While the two DART light rail lines that run north from Downtown Dallas are designed as fast transit to get people into the city from from the suburbs, the two light rail lines that run south from Downtown serve urban neighborhoods, much like METRO’s North, Southeast, and Harrisburg lines will.
Secondly, A city’s transit system is ultimately shaped by the city itself: how it has grown, what transit is in place already, and local politics. In this regard, Dallas is different from Houston in some significant ways:
- Dallas has no equivalent to METROExpress. They didn’t start building HOV lanes until after they started building rail, so the suburban bus service there was was stuck in freeway traffic along with everyone else. We already have high quality non-stop suburban commuter transit, so there’s less to be gained by building suburban rail.
- While Downtown Dallas is as big as Downtown Houston, Dallas does not have the equivalent to the Houston Medical Center, Uptown or Greenway — dense secondary urban employment centers that account for a significant part of Houston’s employment.
- Dallas has a lot of abandoned or underused railroad lines, some of which happened to be in the right places. One — now the northern Red Line — followed the North Central Expressway, surrounded by office buildings (see below). Another — to be used by the Green Line starting in 2010 — goes from Downtown to the Southwestern Medical Center
- The Dallas metro area is politically fragmented. DART is made up of 15 different cities.

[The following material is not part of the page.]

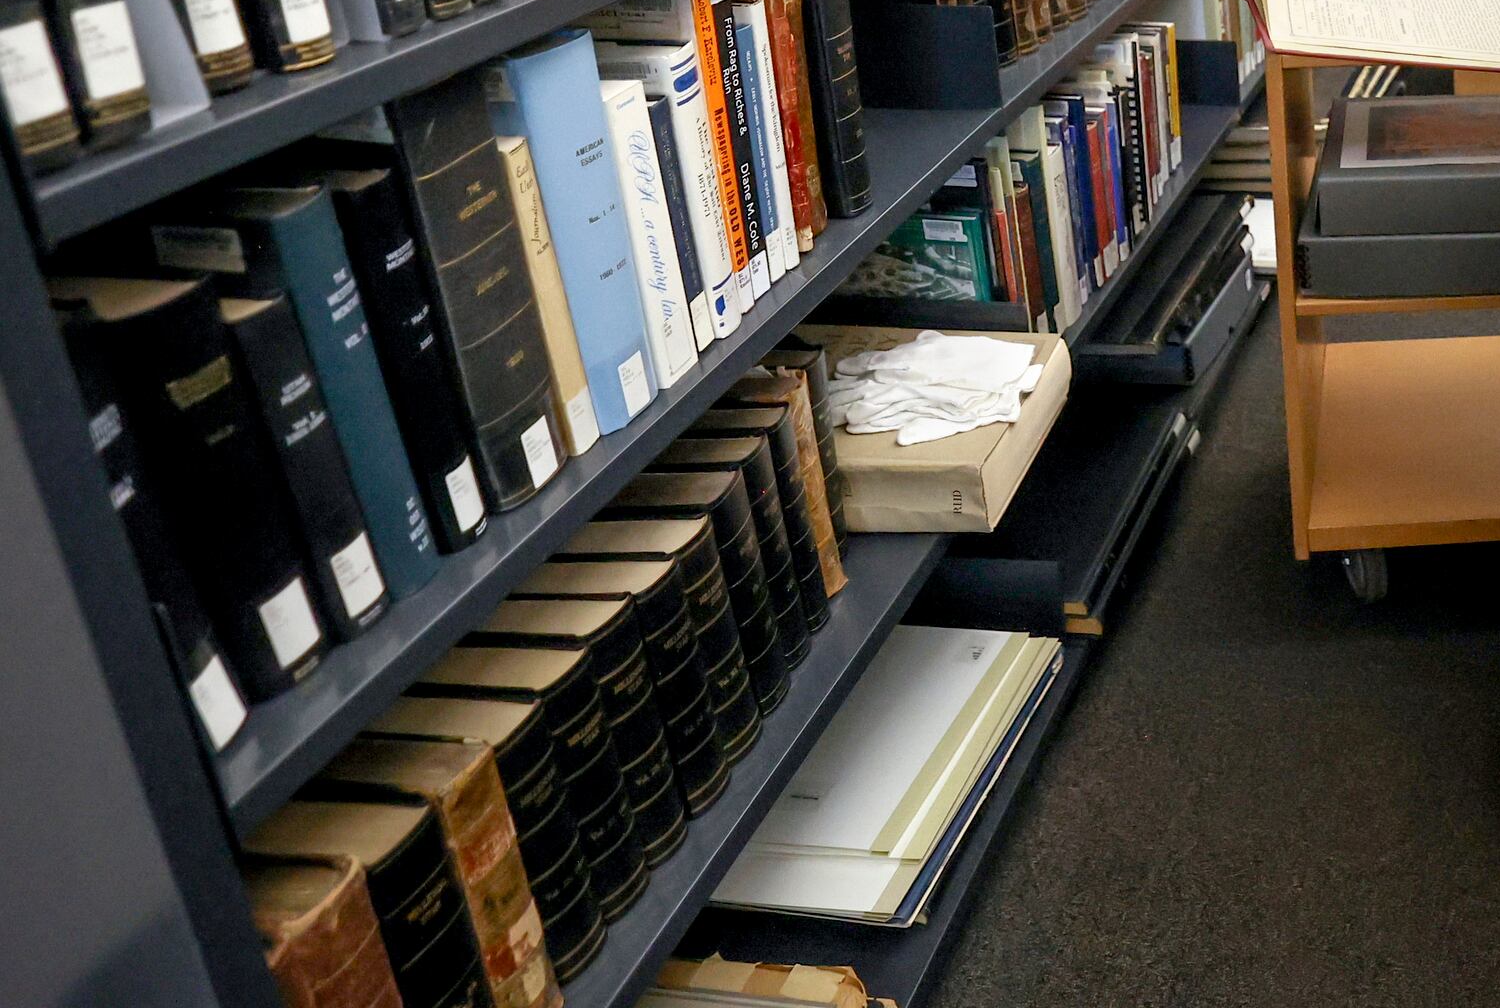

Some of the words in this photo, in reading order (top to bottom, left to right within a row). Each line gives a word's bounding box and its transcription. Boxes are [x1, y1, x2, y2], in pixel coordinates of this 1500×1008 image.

To get their representatives to vote for rail projects — and to keep those cities from dropping out of the system — DART needed to commit to serving them with rail. The DART map is driven as much by political realities as by transit priorities.

Thirdly, do we really want to be like Dallas? This is a city whose most prominent landmark is a big sphere on a stick.
Consider this: DART built 45 miles of line for $2 billion and has an average weekday ridership of 59,000. Houston built 7.5 miles of line for $320 million and has an average weekday ridership of 40,000. Maybe Dallas could take some notes from us.